■ Description of the task: Retype the entries exactly, but skip the pictures.

··· Working data ···

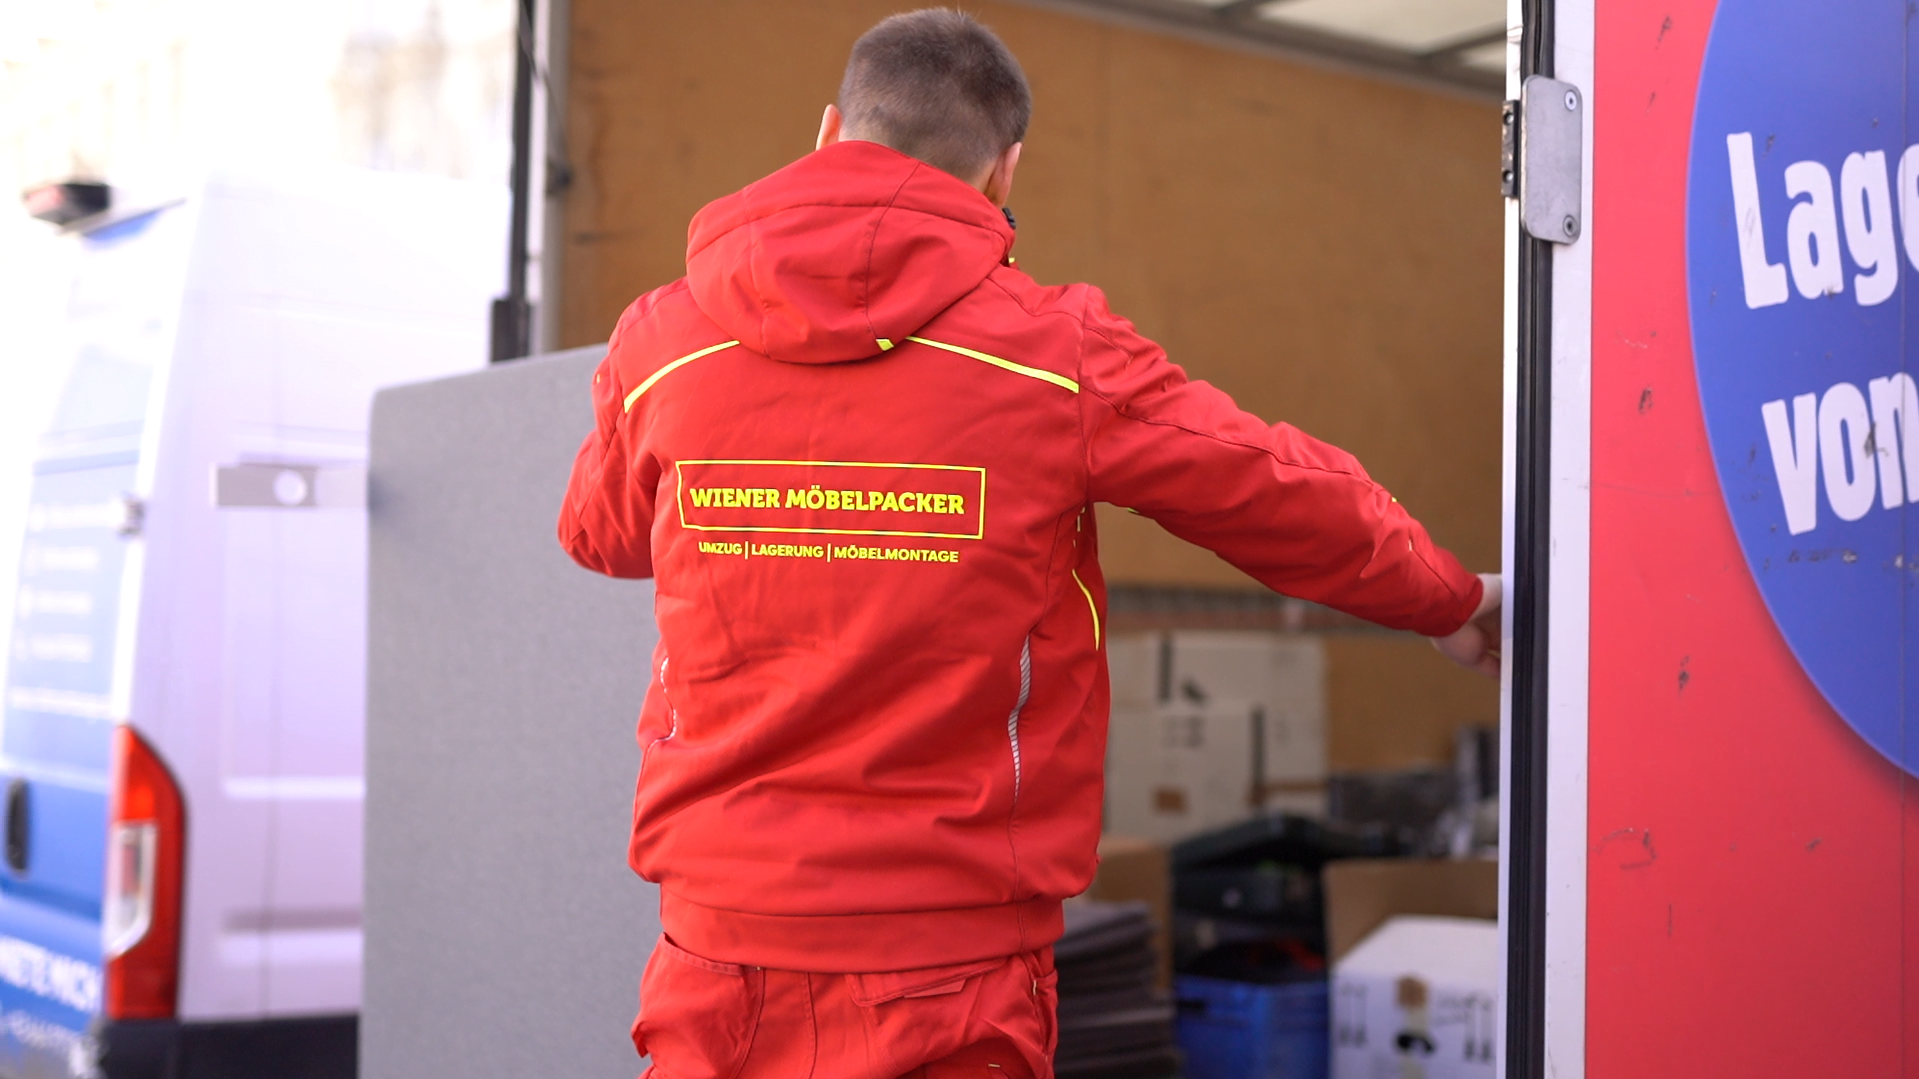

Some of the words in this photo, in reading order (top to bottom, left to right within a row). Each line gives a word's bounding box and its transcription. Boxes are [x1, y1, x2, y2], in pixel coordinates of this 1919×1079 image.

[1761, 372, 1919, 535] von
[689, 487, 780, 508] WIENER
[784, 484, 965, 515] MÖBELPACKER
[698, 541, 743, 556] UMZUG
[751, 543, 825, 559] LAGERUNG
[834, 544, 960, 563] MÖBELMONTAGE
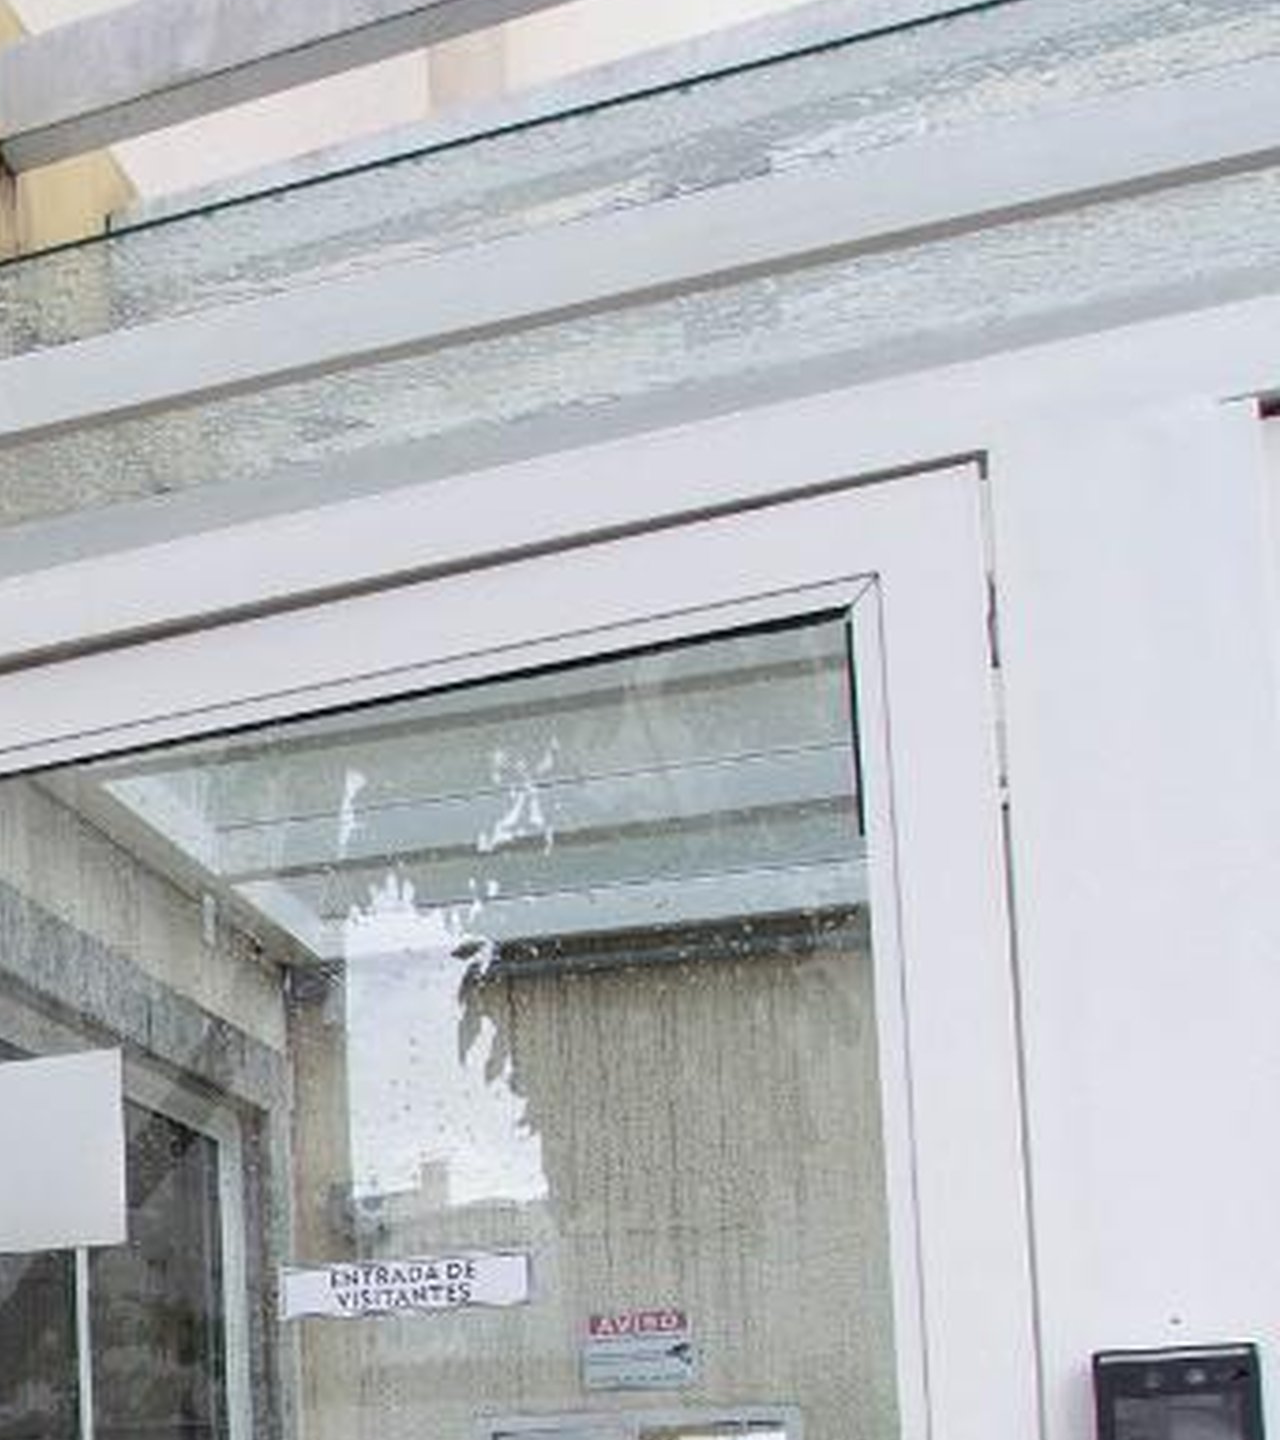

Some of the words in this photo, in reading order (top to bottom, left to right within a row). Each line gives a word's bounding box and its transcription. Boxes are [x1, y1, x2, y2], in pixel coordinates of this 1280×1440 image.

[330, 1266, 439, 1288] ENTRADA
[446, 1261, 476, 1282] DE
[338, 1283, 471, 1308] VISITANTES

···

■ Answer area:
Some of the words in this photo, in reading order (top to bottom, left to right within a row). Each line gives a word's bounding box and its transcription. Boxes are [x1, y1, x2, y2], in pixel coordinates of this 1919×1079 image.

[1761, 372, 1919, 535] von
[689, 487, 780, 508] WIENER
[784, 484, 965, 515] MÖBELPACKER
[698, 541, 743, 556] UMZUG
[751, 543, 825, 559] LAGERUNG
[834, 544, 960, 563] MÖBELMONTAGE

Some of the words in this photo, in reading order (top to bottom, left to right within a row). Each line gives a word's bounding box and its transcription. Boxes are [x1, y1, x2, y2], in pixel coordinates of this 1280×1440 image.

[330, 1266, 439, 1288] ENTRADA
[446, 1261, 476, 1282] DE
[338, 1283, 471, 1308] VISITANTES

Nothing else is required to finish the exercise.